EXERCISE INSTRUCTIONS –
All of the entries, apart from their pictures, are to be copied verbatim.

···

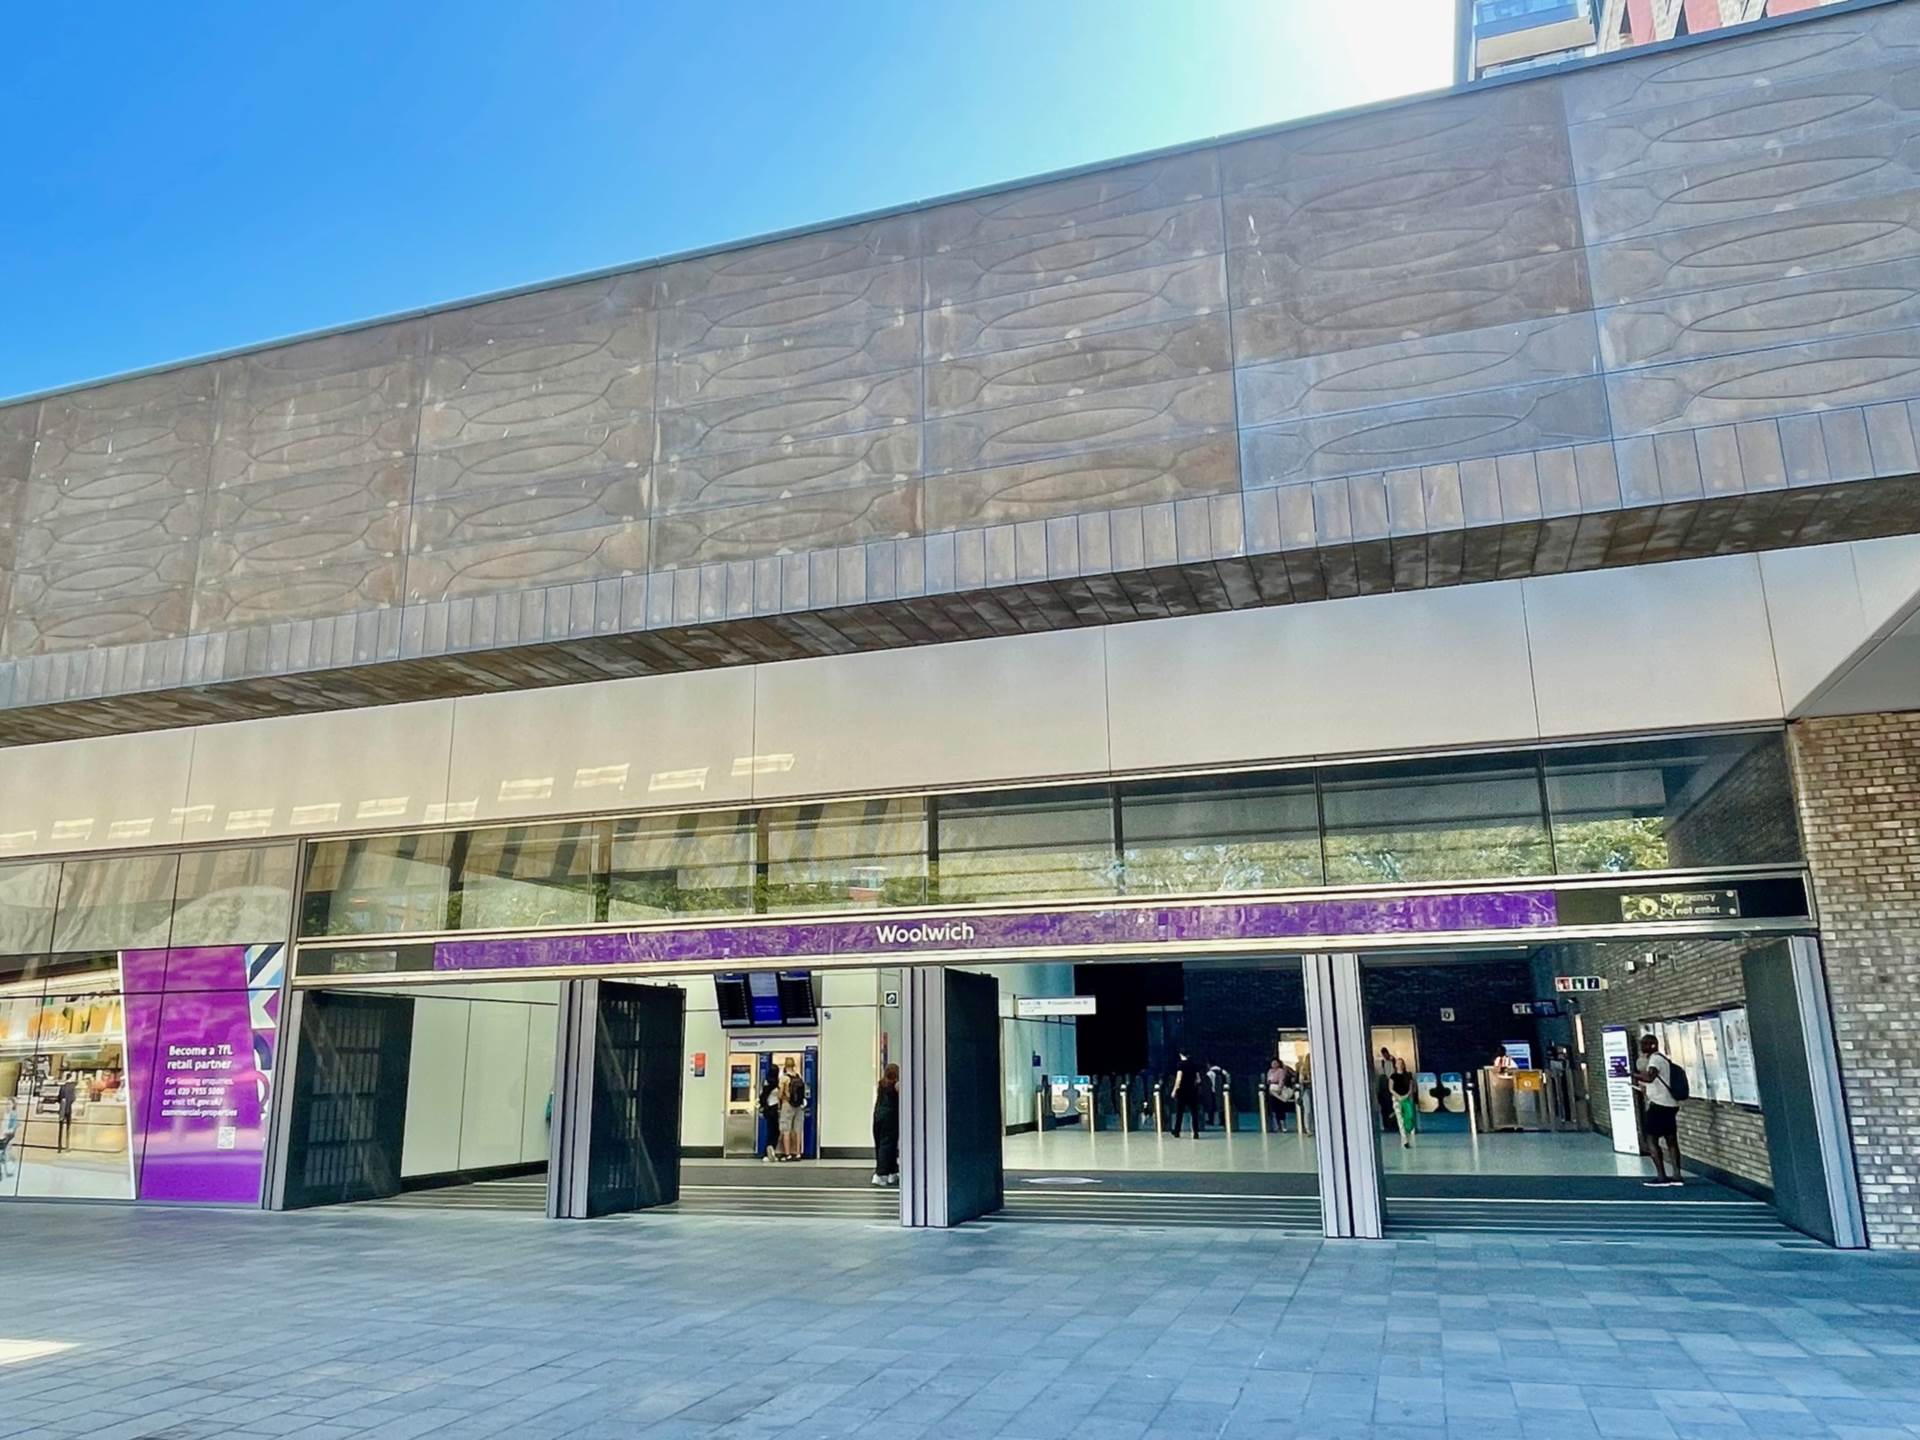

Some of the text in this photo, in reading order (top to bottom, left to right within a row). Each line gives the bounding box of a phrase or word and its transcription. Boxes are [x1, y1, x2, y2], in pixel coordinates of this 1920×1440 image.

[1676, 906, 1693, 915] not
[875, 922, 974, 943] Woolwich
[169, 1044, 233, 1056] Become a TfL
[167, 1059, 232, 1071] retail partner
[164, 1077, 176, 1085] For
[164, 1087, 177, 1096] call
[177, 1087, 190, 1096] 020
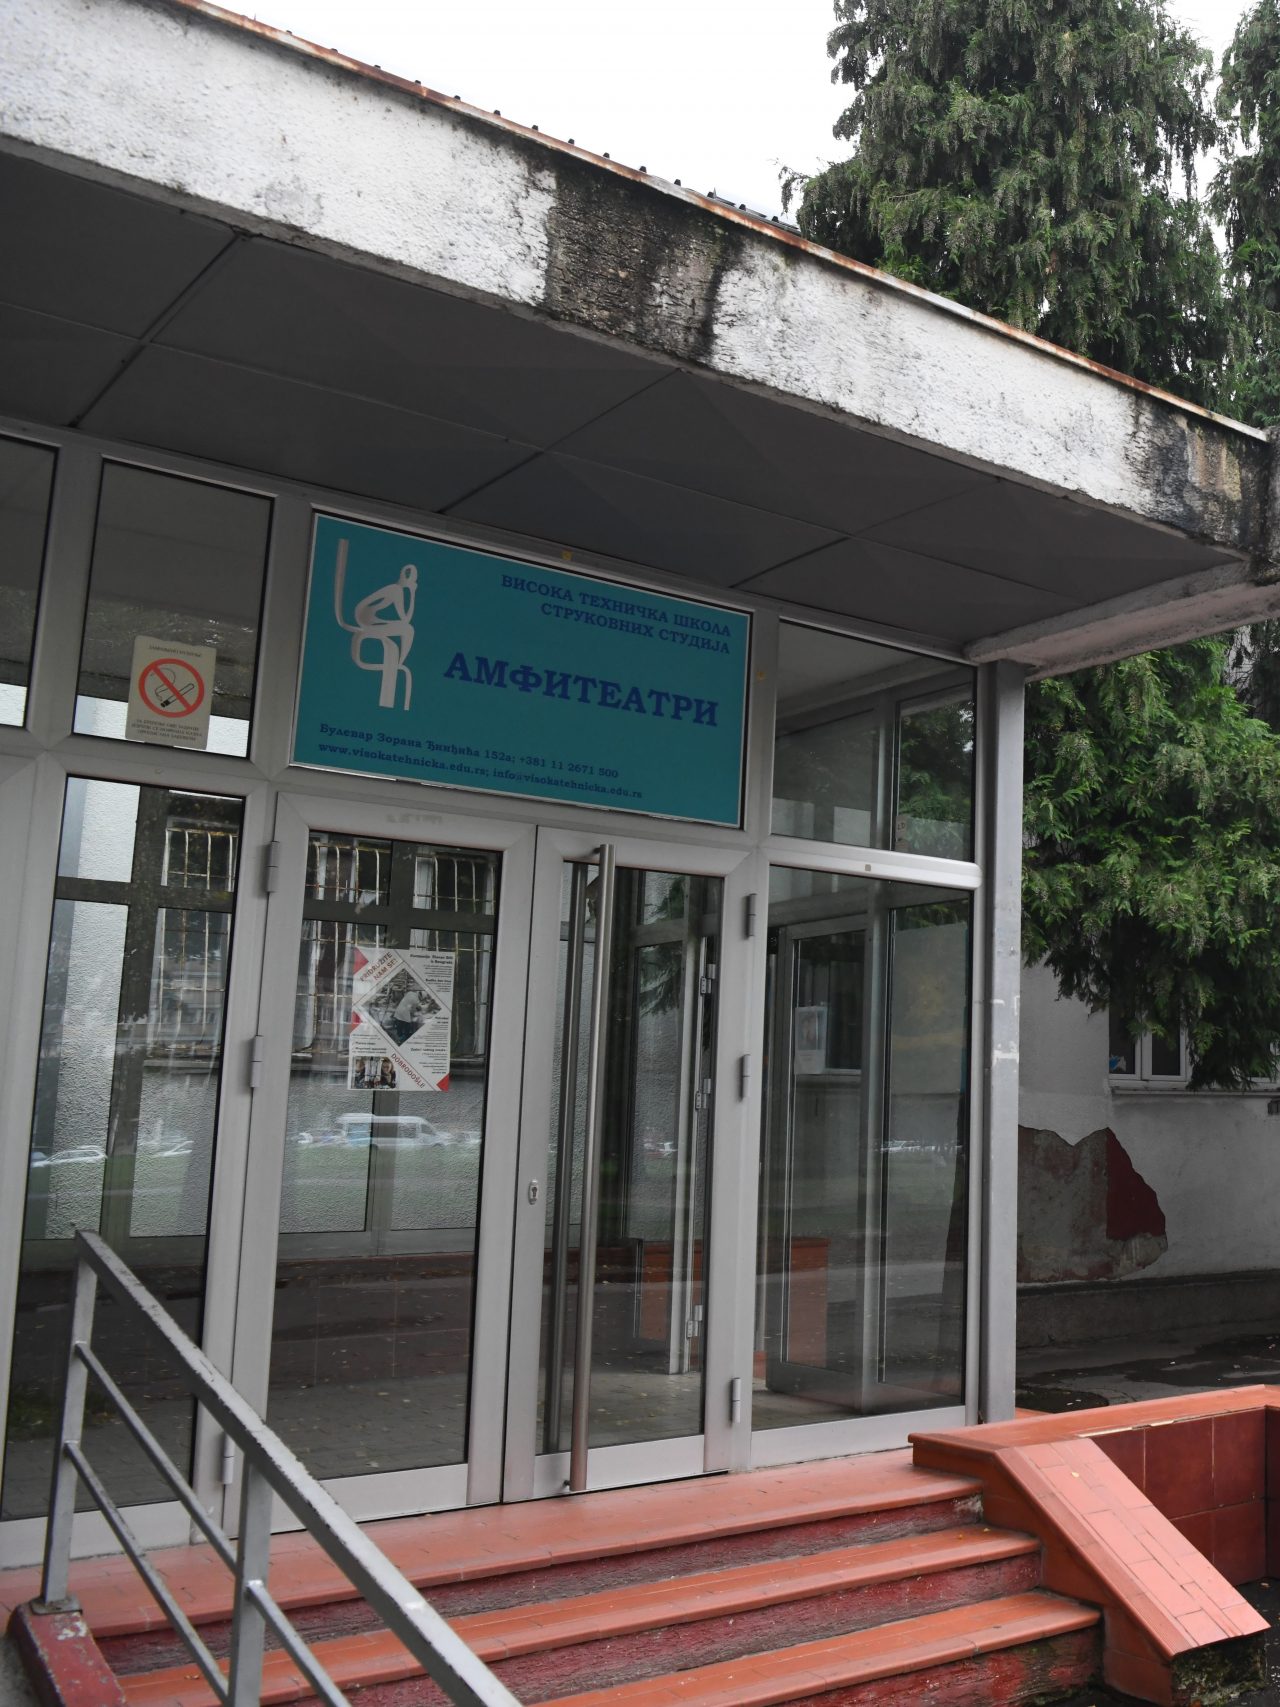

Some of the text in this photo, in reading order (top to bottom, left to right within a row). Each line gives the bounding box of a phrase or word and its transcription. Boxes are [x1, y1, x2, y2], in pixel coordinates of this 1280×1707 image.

···

WORKED SOLUTION –
Some of the text in this photo, in reading order (top to bottom, left to right within a row). Each line gives the bounding box of a phrase or word and its transcription. Boxes are [x1, y1, x2, y2], in pixel coordinates of this 1920×1440 image.

[1676, 906, 1693, 915] not
[875, 922, 974, 943] Woolwich
[169, 1044, 233, 1056] Become a TfL
[167, 1059, 232, 1071] retail partner
[164, 1077, 176, 1085] For
[164, 1087, 177, 1096] call
[177, 1087, 190, 1096] 020

Some of the text in this photo, in reading order (top to bottom, left to right within a row). Each line gives the bounding box of a phrase or word and its transcription. Boxes are [x1, y1, x2, y2], in pixel coordinates of this 1280×1707 image.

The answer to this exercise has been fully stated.